(Source data)
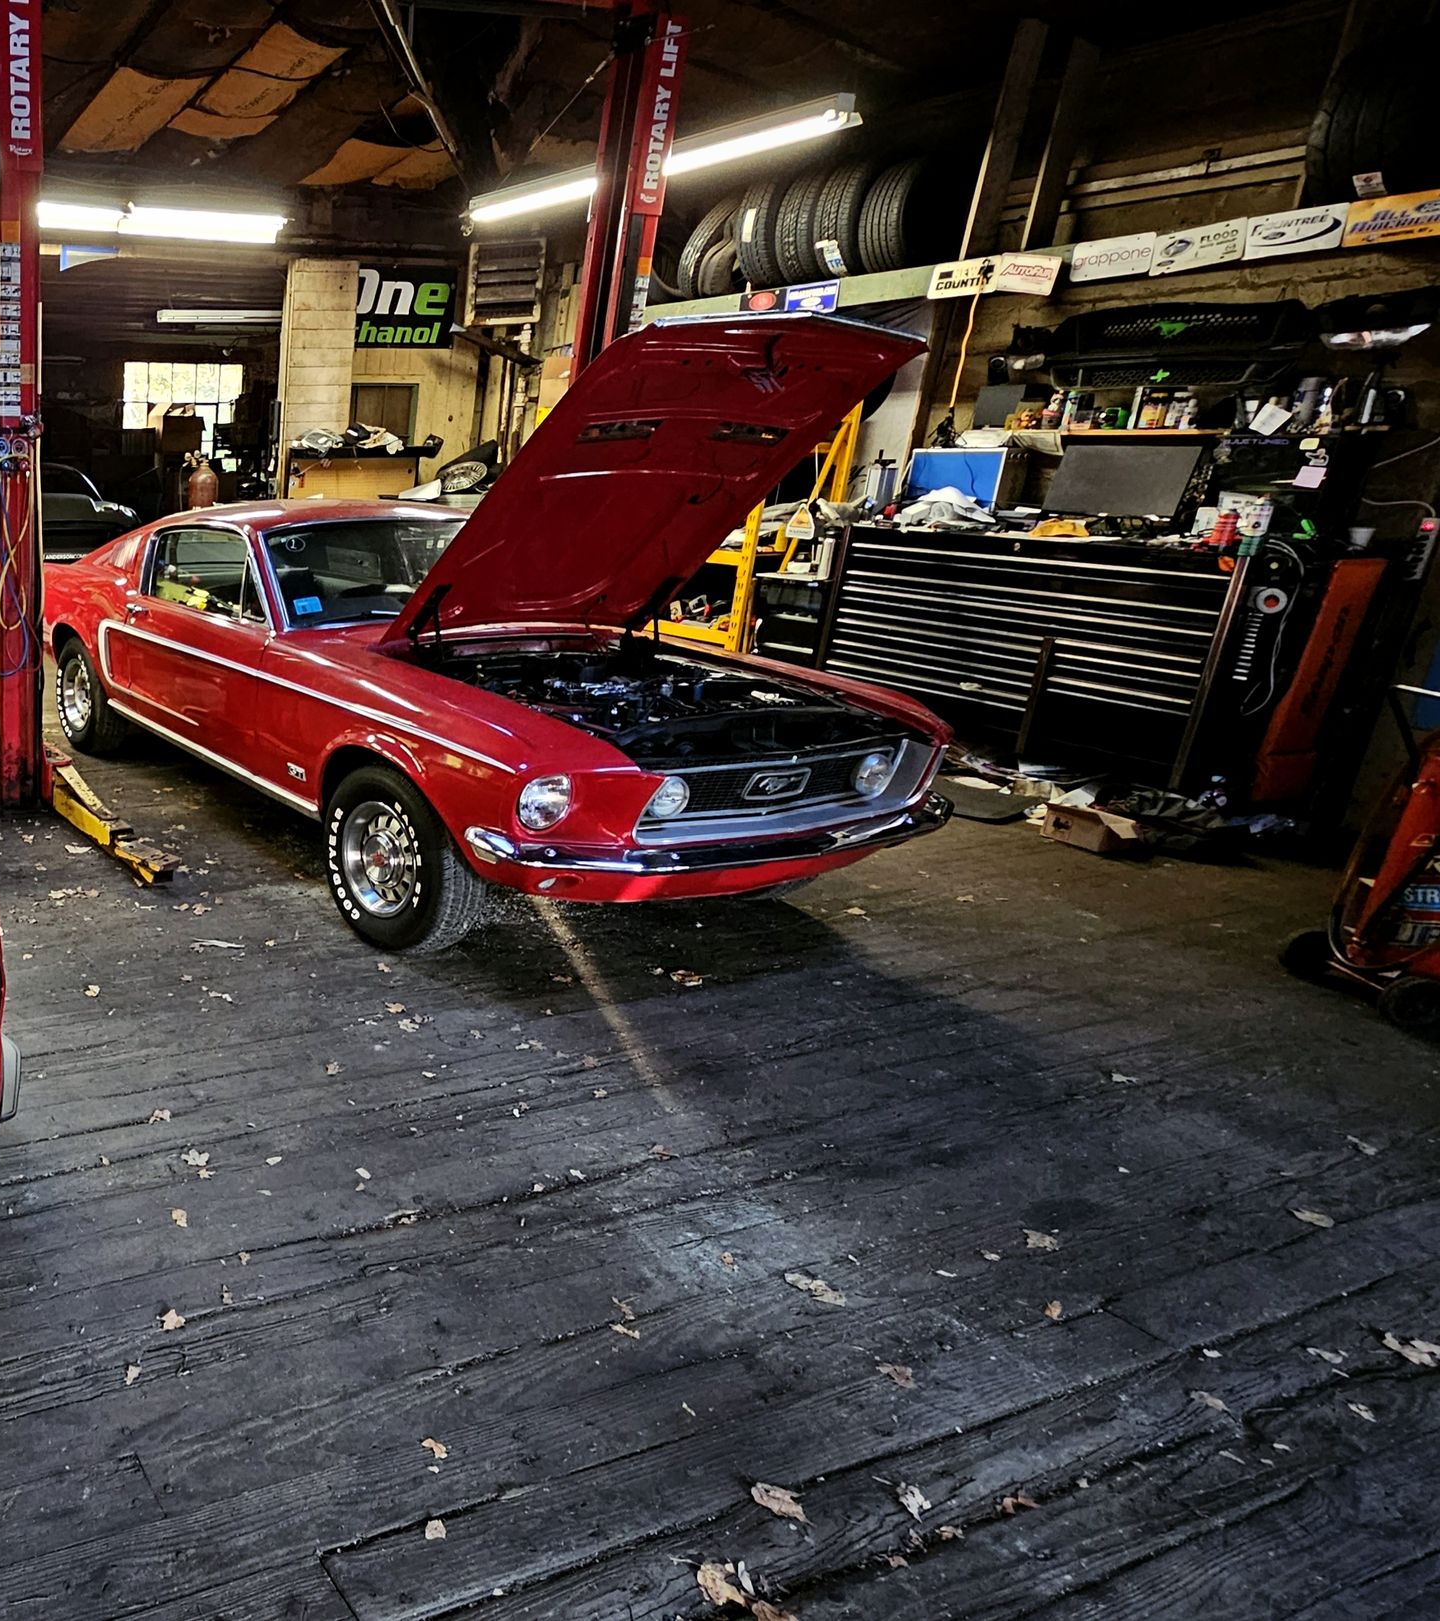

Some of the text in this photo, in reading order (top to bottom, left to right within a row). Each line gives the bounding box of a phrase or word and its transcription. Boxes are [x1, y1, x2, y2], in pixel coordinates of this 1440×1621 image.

[9, 12, 30, 139] ROTARY
[643, 20, 683, 190] ROTARY LIFT
[1350, 214, 1440, 233] AMERICA
[1200, 229, 1239, 244] FLOOD
[1073, 246, 1151, 271] grappone
[357, 321, 441, 343] hanol
[329, 807, 360, 920] GOODYEAR

[EXERCISE OBJECTIVE]: Each entry is to be returned precisely as it appears, but the pictures are to be dropped.

[WRITTEN SOLUTION]:
Some of the text in this photo, in reading order (top to bottom, left to right within a row). Each line gives the bounding box of a phrase or word and its transcription. Boxes are [x1, y1, x2, y2], in pixel coordinates of this 1440×1621 image.

[9, 12, 30, 139] ROTARY
[643, 20, 683, 190] ROTARY LIFT
[1350, 214, 1440, 233] AMERICA
[1200, 229, 1239, 244] FLOOD
[1073, 246, 1151, 271] grappone
[357, 321, 441, 343] hanol
[329, 807, 360, 920] GOODYEAR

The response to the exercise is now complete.